[PROBLEM STATEMENT]
Once you find the line below that contains "this 1280×1080 image.", write it out along with every later line exactly as given, stopping only when the records end. Omit the pictures.

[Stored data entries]
- - -

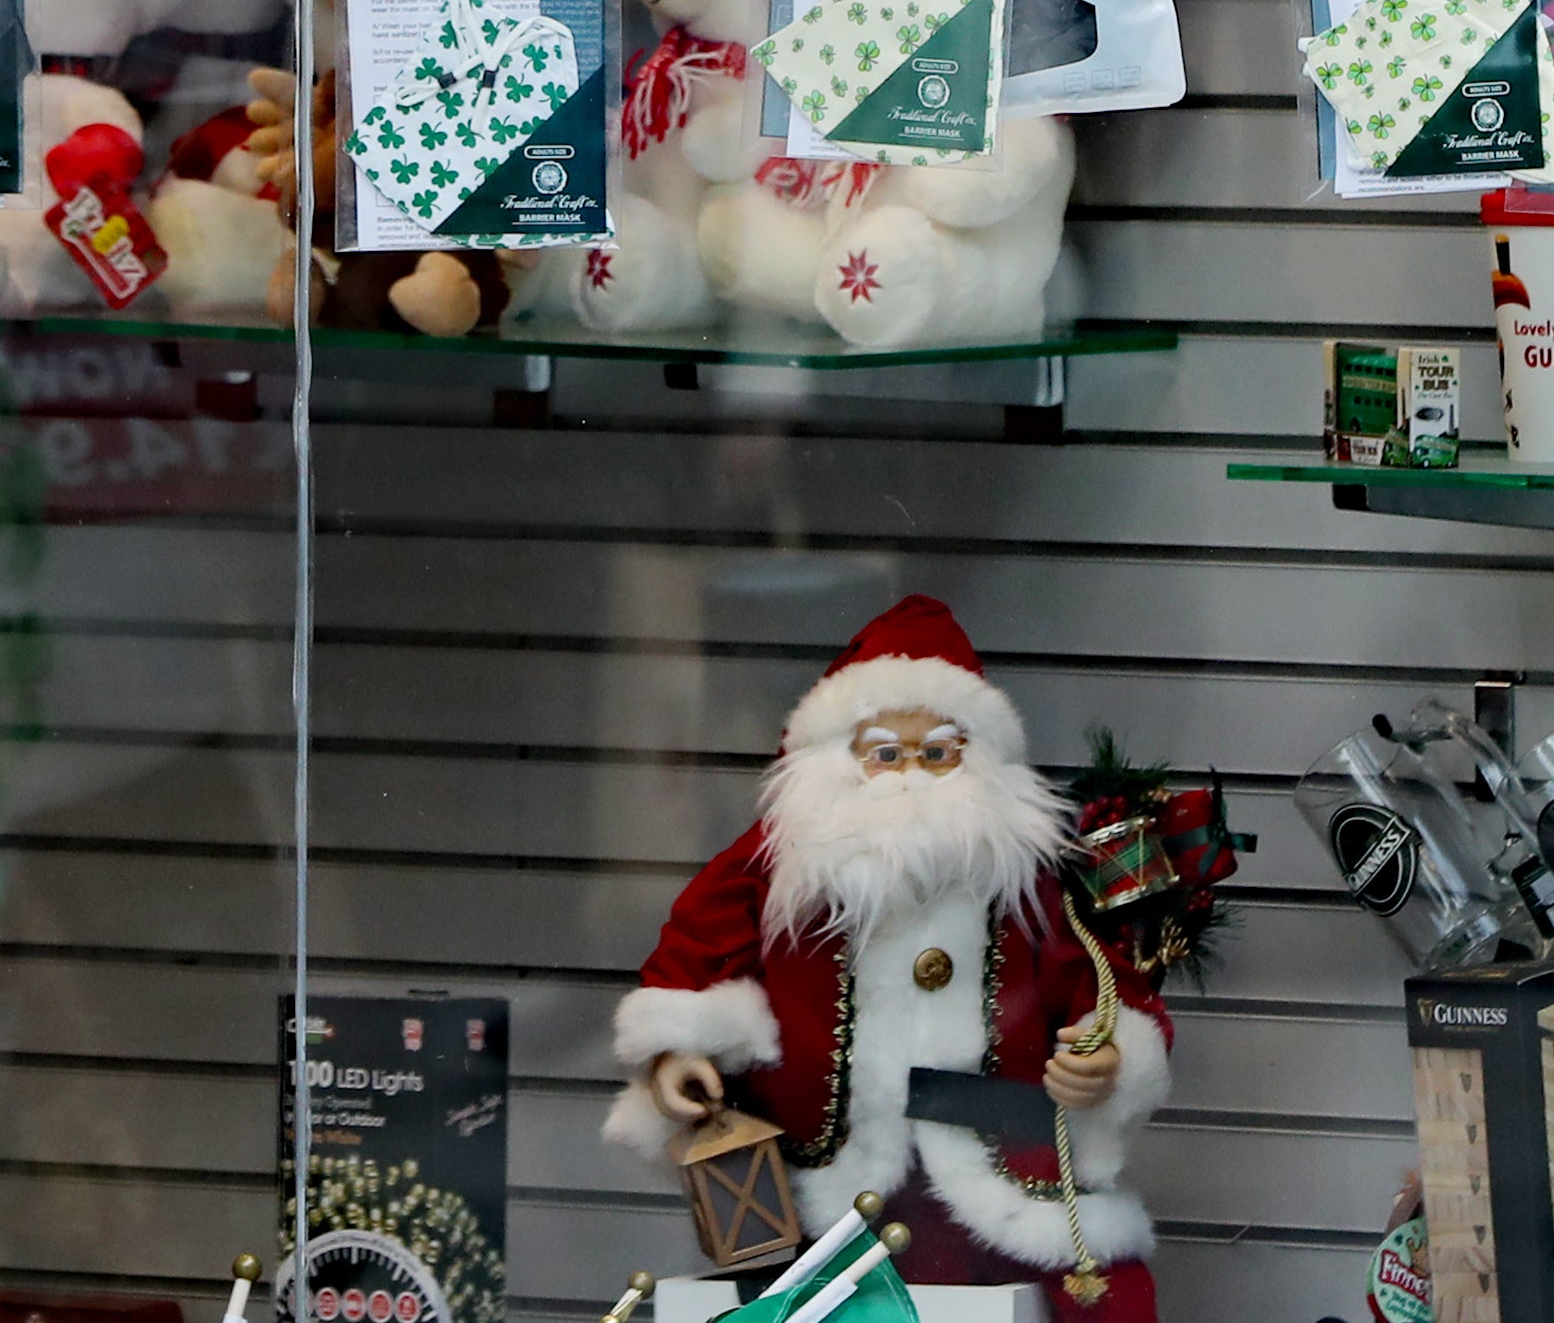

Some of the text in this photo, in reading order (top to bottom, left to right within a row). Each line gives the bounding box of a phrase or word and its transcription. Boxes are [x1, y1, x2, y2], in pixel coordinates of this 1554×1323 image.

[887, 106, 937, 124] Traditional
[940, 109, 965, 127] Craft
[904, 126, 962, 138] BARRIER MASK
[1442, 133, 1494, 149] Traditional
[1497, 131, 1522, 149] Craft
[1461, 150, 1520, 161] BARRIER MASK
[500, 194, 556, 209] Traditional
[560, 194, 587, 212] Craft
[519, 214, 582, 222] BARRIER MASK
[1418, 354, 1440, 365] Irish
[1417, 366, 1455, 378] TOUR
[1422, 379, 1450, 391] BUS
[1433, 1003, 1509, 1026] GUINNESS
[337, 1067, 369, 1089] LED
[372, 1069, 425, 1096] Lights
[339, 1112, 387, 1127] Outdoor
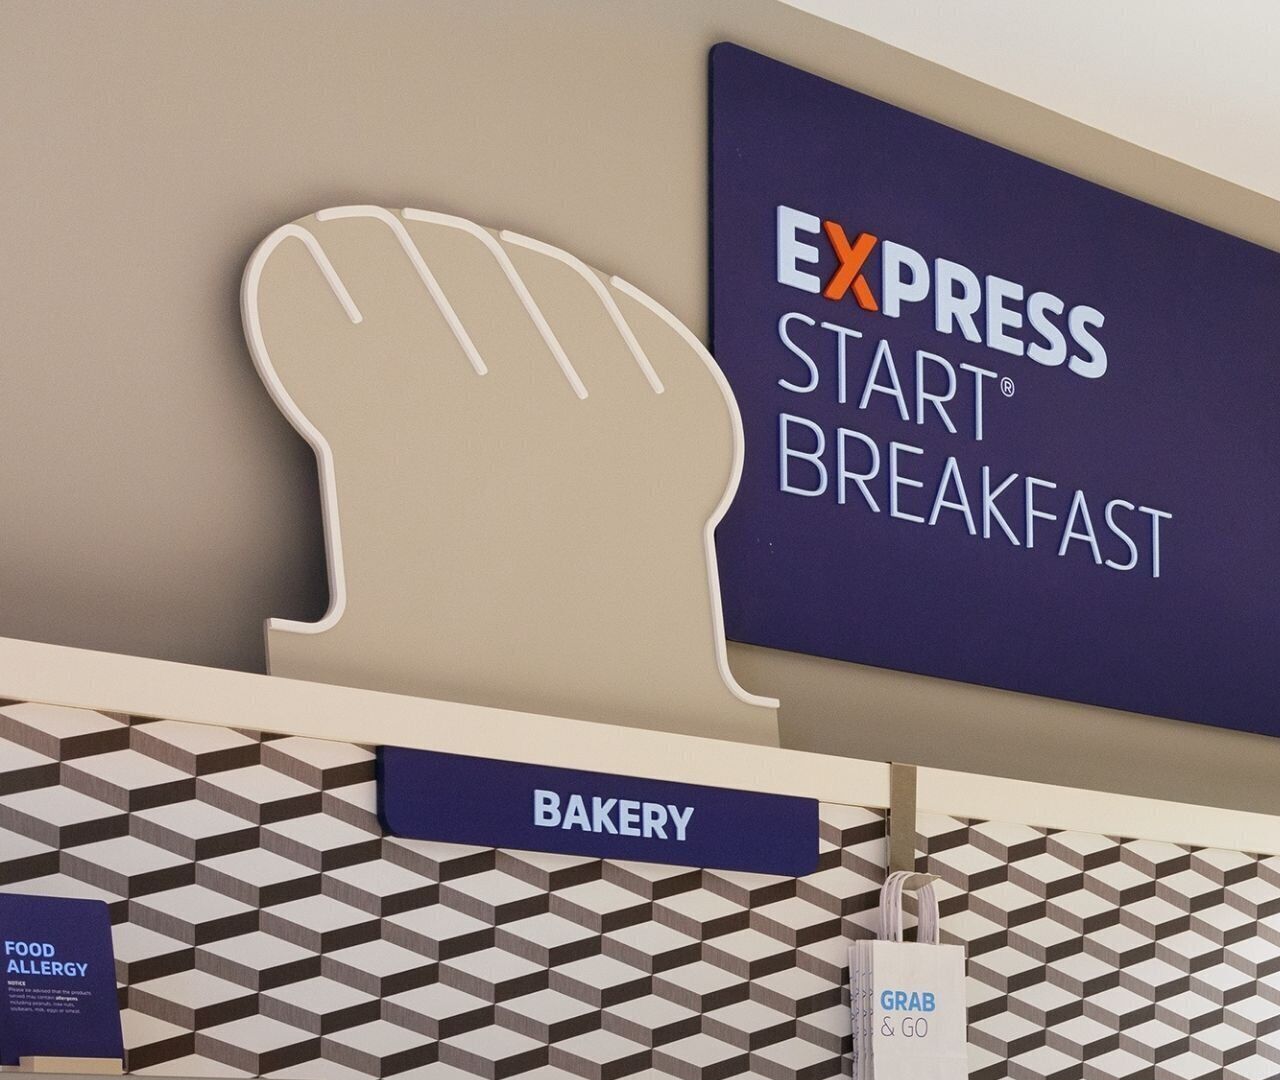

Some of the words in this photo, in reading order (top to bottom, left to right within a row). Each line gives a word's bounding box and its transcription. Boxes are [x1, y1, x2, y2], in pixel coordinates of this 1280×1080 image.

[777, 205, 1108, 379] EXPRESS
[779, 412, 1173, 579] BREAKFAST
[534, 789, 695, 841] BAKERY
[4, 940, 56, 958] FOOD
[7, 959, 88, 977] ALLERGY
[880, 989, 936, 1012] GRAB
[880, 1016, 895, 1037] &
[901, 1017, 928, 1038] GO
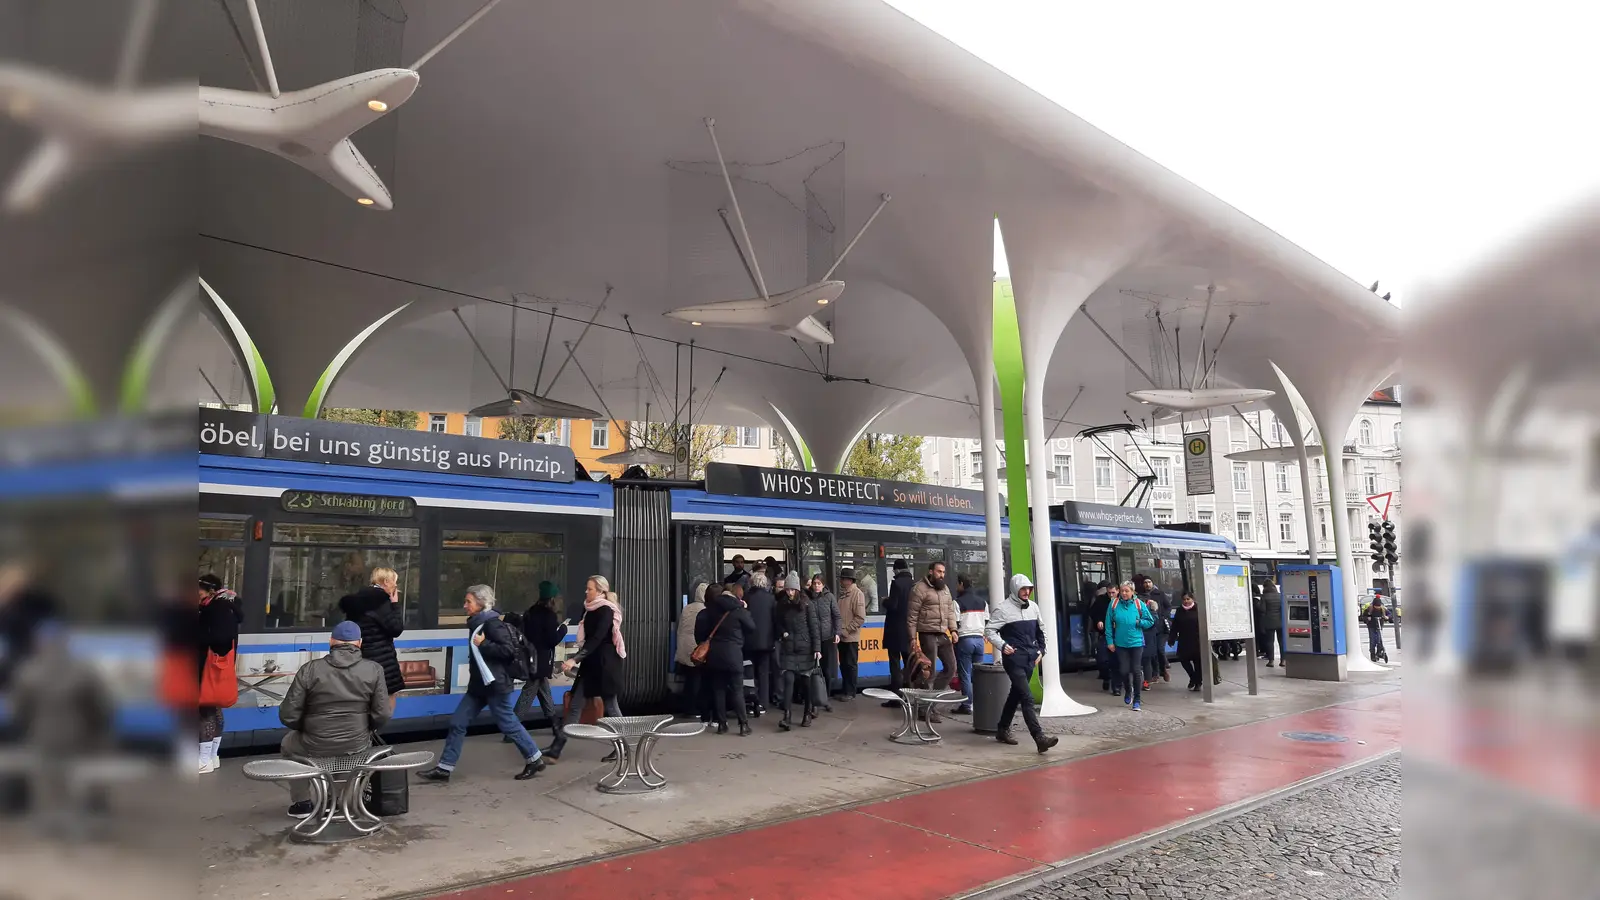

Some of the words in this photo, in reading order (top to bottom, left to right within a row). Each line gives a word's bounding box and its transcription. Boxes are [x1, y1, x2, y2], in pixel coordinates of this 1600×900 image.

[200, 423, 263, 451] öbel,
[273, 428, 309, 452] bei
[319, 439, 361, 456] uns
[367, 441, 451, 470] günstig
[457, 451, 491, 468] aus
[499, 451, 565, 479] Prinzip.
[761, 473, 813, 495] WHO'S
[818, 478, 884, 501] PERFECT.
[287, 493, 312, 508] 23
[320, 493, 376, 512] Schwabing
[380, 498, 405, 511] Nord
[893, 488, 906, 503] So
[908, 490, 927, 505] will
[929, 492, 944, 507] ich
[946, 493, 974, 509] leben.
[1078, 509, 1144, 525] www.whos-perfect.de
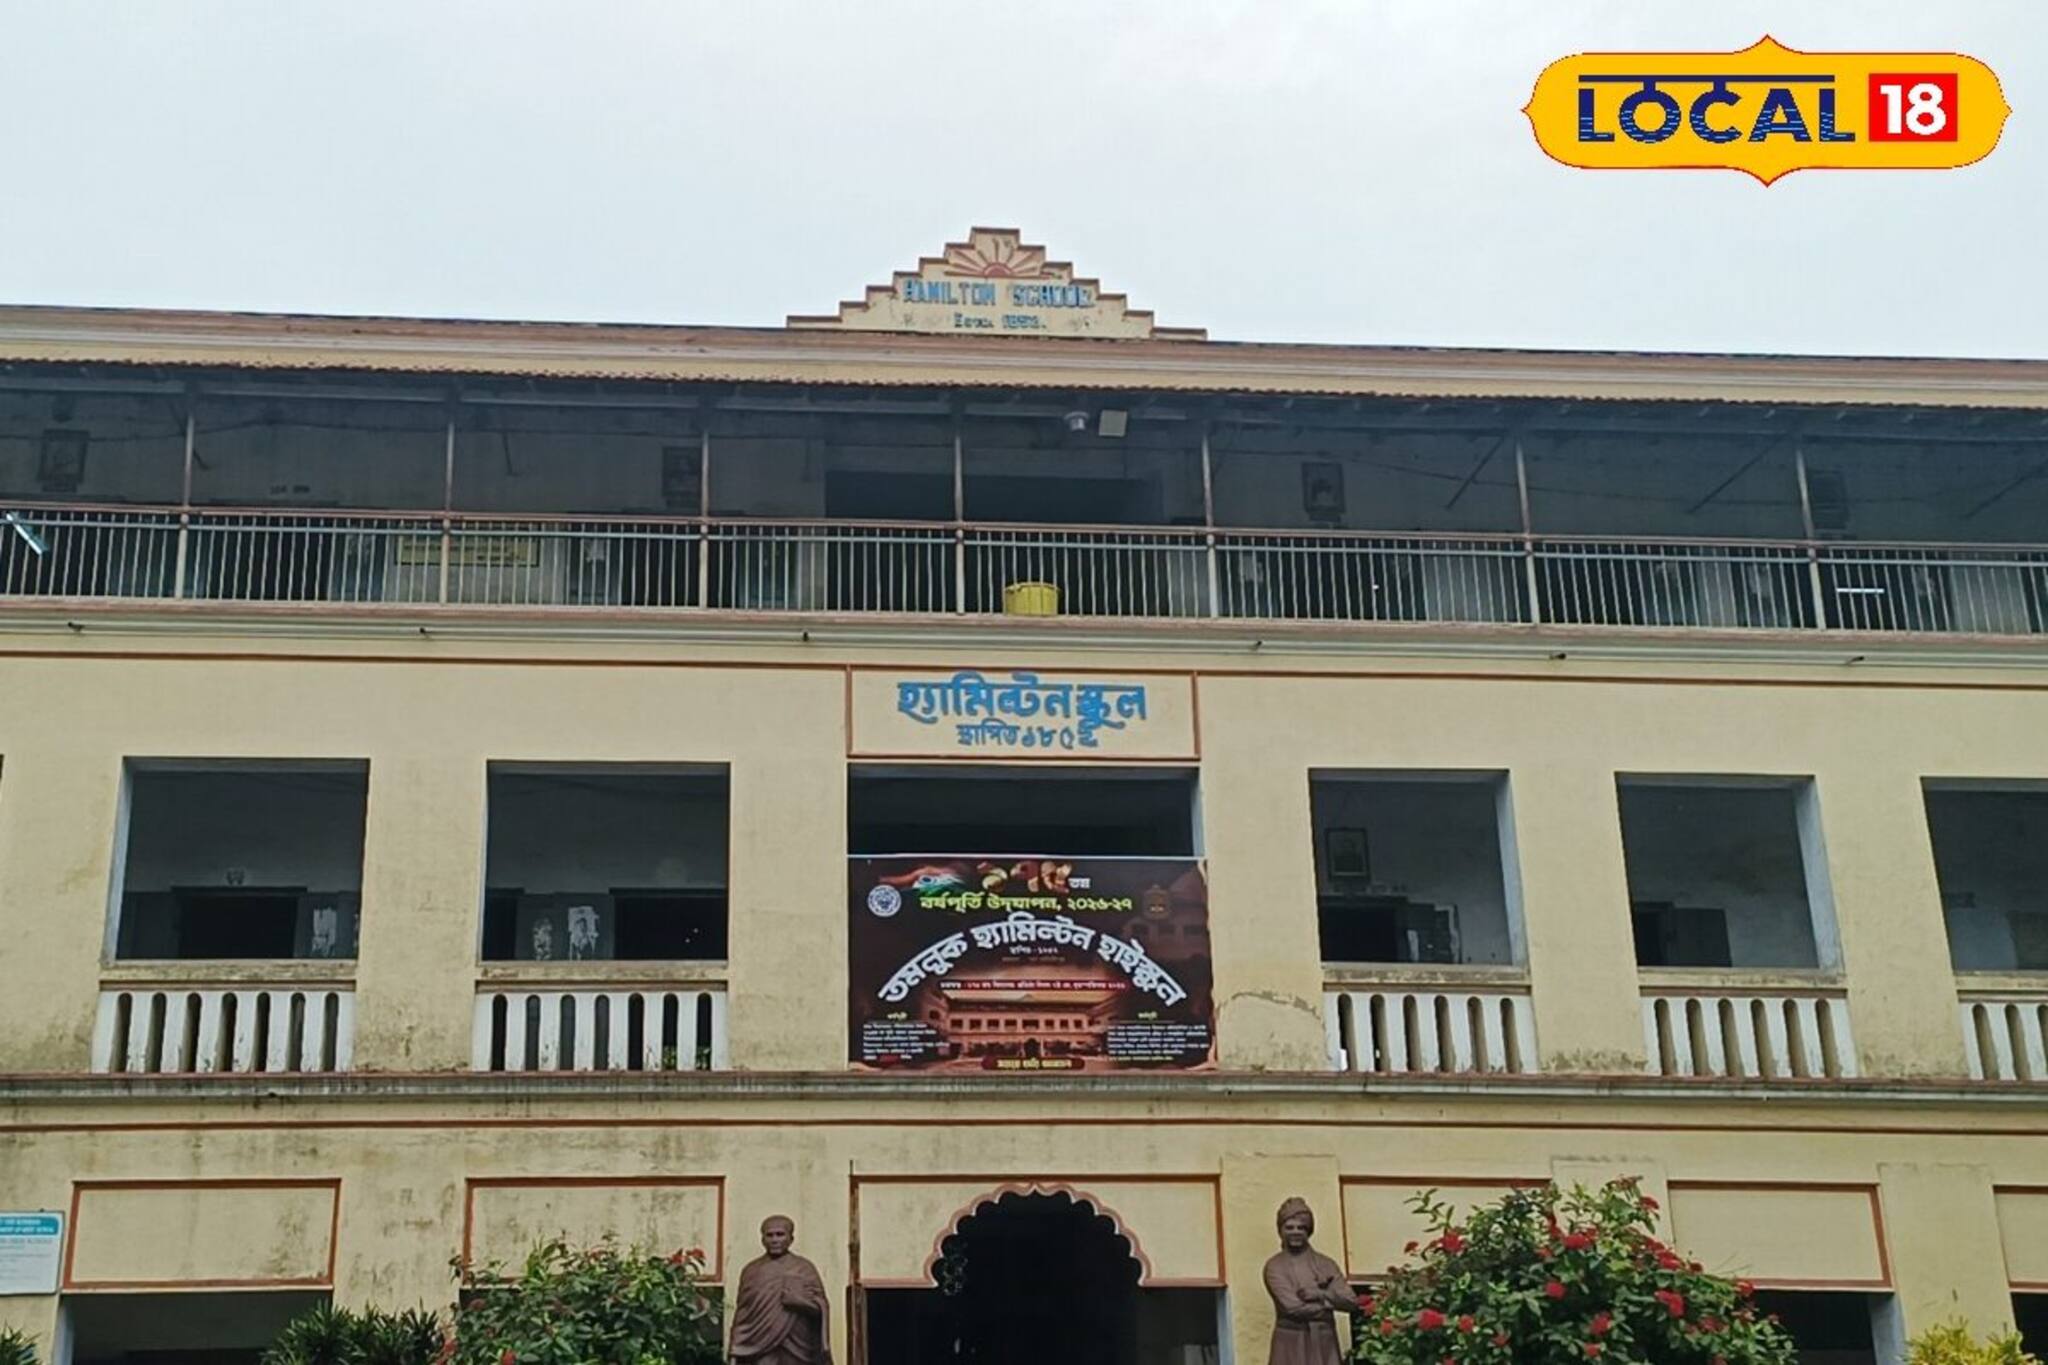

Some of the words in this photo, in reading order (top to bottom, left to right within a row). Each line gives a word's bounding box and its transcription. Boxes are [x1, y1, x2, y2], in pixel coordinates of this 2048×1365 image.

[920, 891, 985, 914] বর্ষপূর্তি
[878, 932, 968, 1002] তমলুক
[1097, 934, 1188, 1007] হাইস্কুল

- - -

[OUTPUT FOR THIS TASK]
Some of the words in this photo, in reading order (top to bottom, left to right within a row). Each line gives a word's bounding box and its transcription. Boxes are [x1, y1, x2, y2], in pixel coordinates of this 1280×1080 image.

[777, 205, 1108, 379] EXPRESS
[779, 412, 1173, 579] BREAKFAST
[534, 789, 695, 841] BAKERY
[4, 940, 56, 958] FOOD
[7, 959, 88, 977] ALLERGY
[880, 989, 936, 1012] GRAB
[880, 1016, 895, 1037] &
[901, 1017, 928, 1038] GO

Some of the words in this photo, in reading order (top to bottom, left to right within a row). Each line gives a word's bounding box and its transcription. Boxes are [x1, y1, x2, y2], in pixel coordinates of this 1600×900 image.

[200, 423, 263, 451] öbel,
[273, 428, 309, 452] bei
[319, 439, 361, 456] uns
[367, 441, 451, 470] günstig
[457, 451, 491, 468] aus
[499, 451, 565, 479] Prinzip.
[761, 473, 813, 495] WHO'S
[818, 478, 884, 501] PERFECT.
[287, 493, 312, 508] 23
[320, 493, 376, 512] Schwabing
[380, 498, 405, 511] Nord
[893, 488, 906, 503] So
[908, 490, 927, 505] will
[929, 492, 944, 507] ich
[946, 493, 974, 509] leben.
[1078, 509, 1144, 525] www.whos-perfect.de

Some of the words in this photo, in reading order (top to bottom, left to right within a row). Each line gives a word's bounding box and its transcription. Boxes are [x1, y1, x2, y2], in pixel coordinates of this 2048×1365 image.

[920, 891, 985, 914] বর্ষপূর্তি
[878, 932, 968, 1002] তমলুক
[1097, 934, 1188, 1007] হাইস্কুল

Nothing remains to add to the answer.